----- DATA EXCERPTS -----

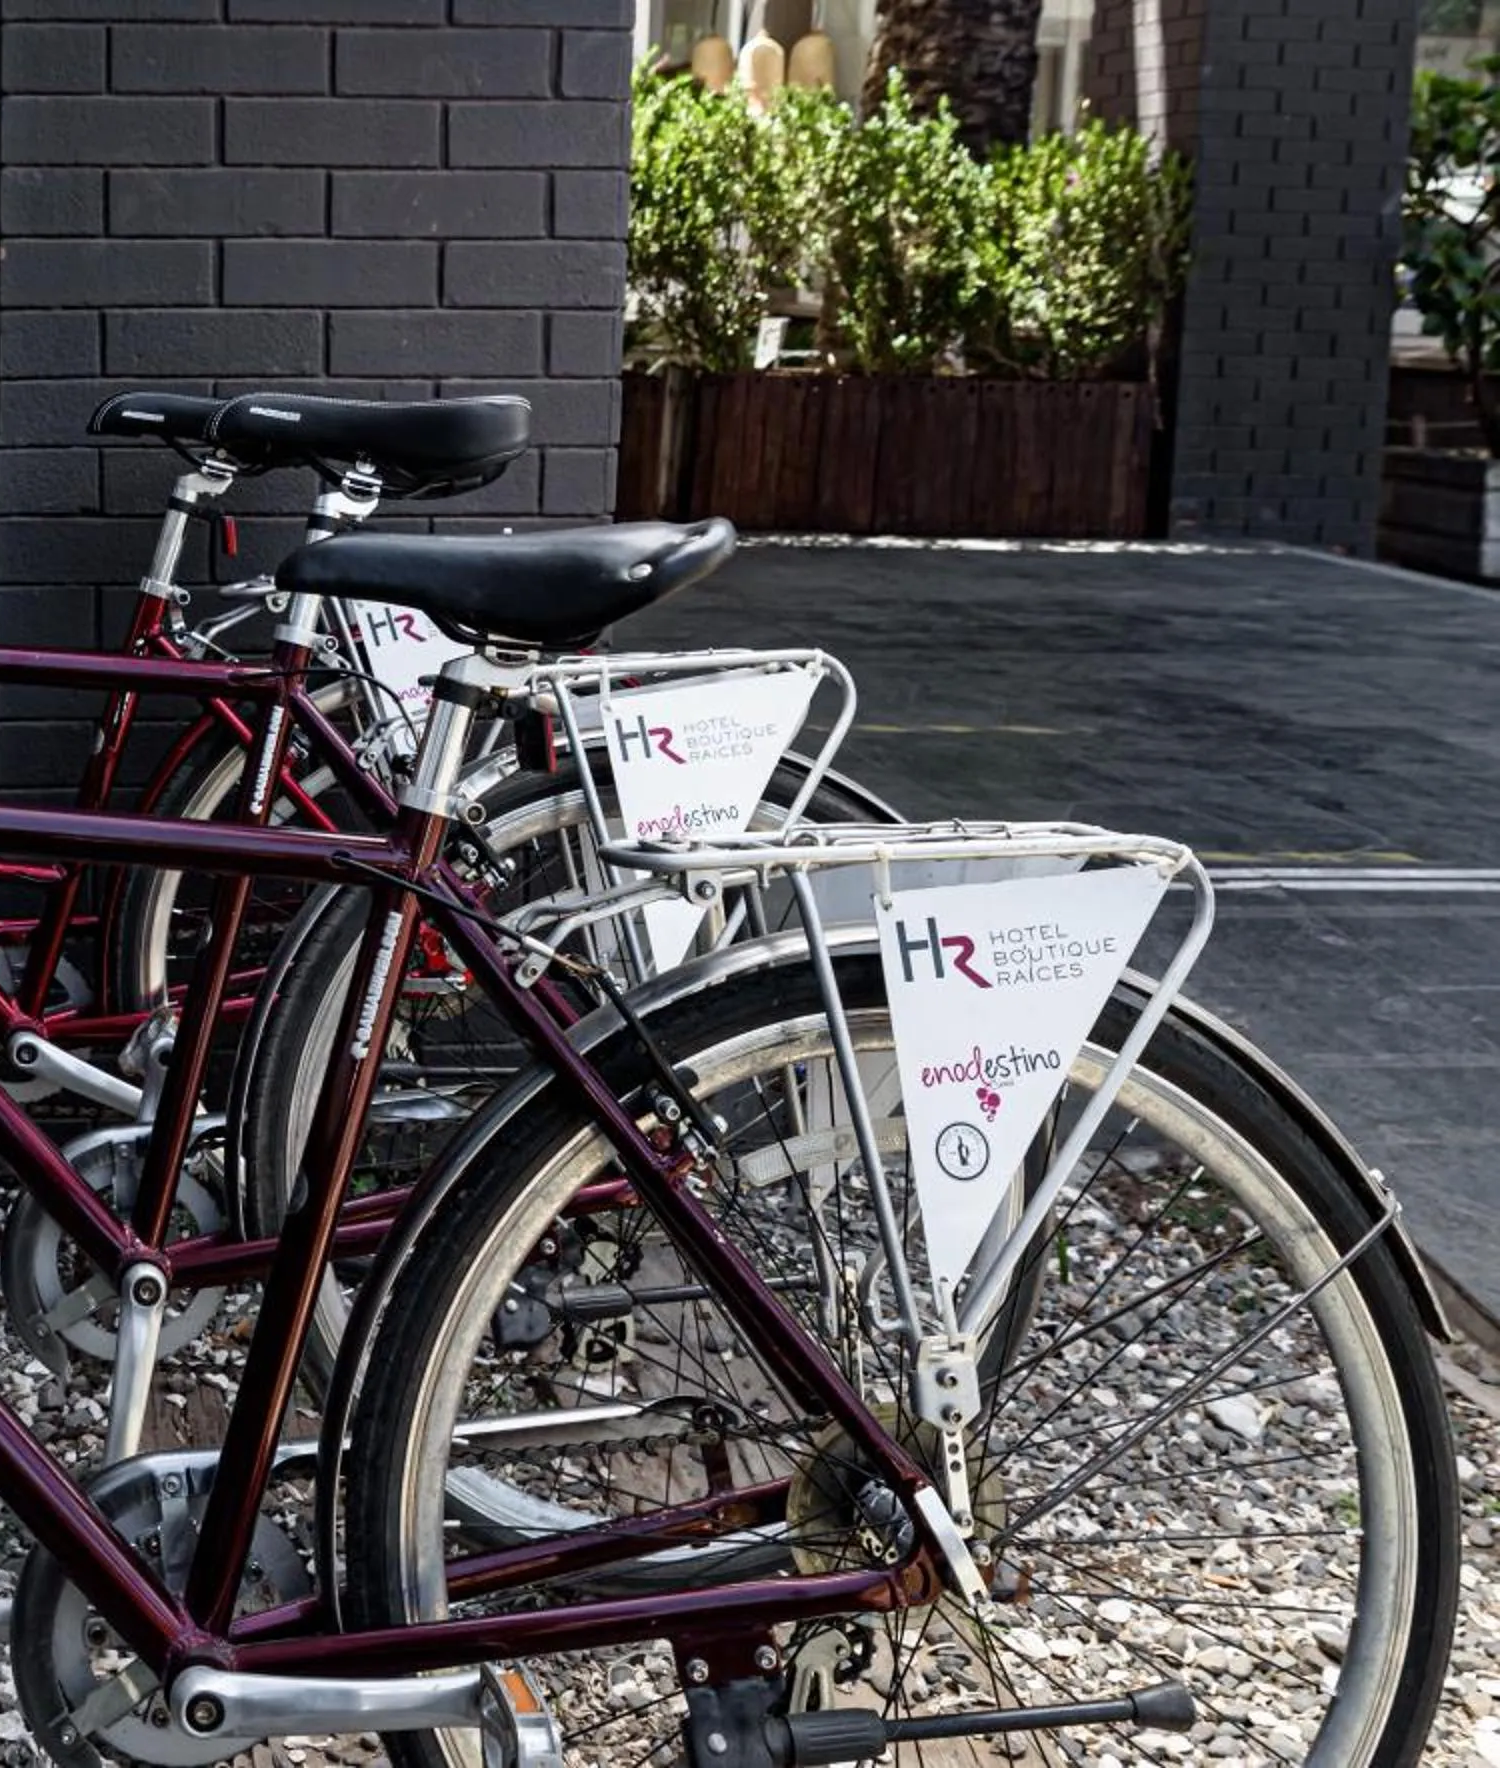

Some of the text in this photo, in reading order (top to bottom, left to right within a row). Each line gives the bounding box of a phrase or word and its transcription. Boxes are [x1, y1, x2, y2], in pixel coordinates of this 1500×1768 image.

[366, 607, 427, 646] HR
[615, 715, 686, 764] HR
[683, 715, 741, 733] HOTEL
[686, 723, 778, 748] BOUTIQUE
[637, 803, 739, 836] enodestino
[989, 924, 1068, 945] HOTEL
[896, 917, 993, 988] HR
[994, 937, 1117, 967] BOUTIQUE
[922, 1045, 1060, 1088] enodestino

-----

Would you write out every record word for word, leaving no picture in?

RESULT FOR THIS TASK:
Some of the text in this photo, in reading order (top to bottom, left to right within a row). Each line gives the bounding box of a phrase or word and its transcription. Boxes are [x1, y1, x2, y2], in pixel coordinates of this 1500×1768 image.

[366, 607, 427, 646] HR
[615, 715, 686, 764] HR
[683, 715, 741, 733] HOTEL
[686, 723, 778, 748] BOUTIQUE
[637, 803, 739, 836] enodestino
[989, 924, 1068, 945] HOTEL
[896, 917, 993, 988] HR
[994, 937, 1117, 967] BOUTIQUE
[922, 1045, 1060, 1088] enodestino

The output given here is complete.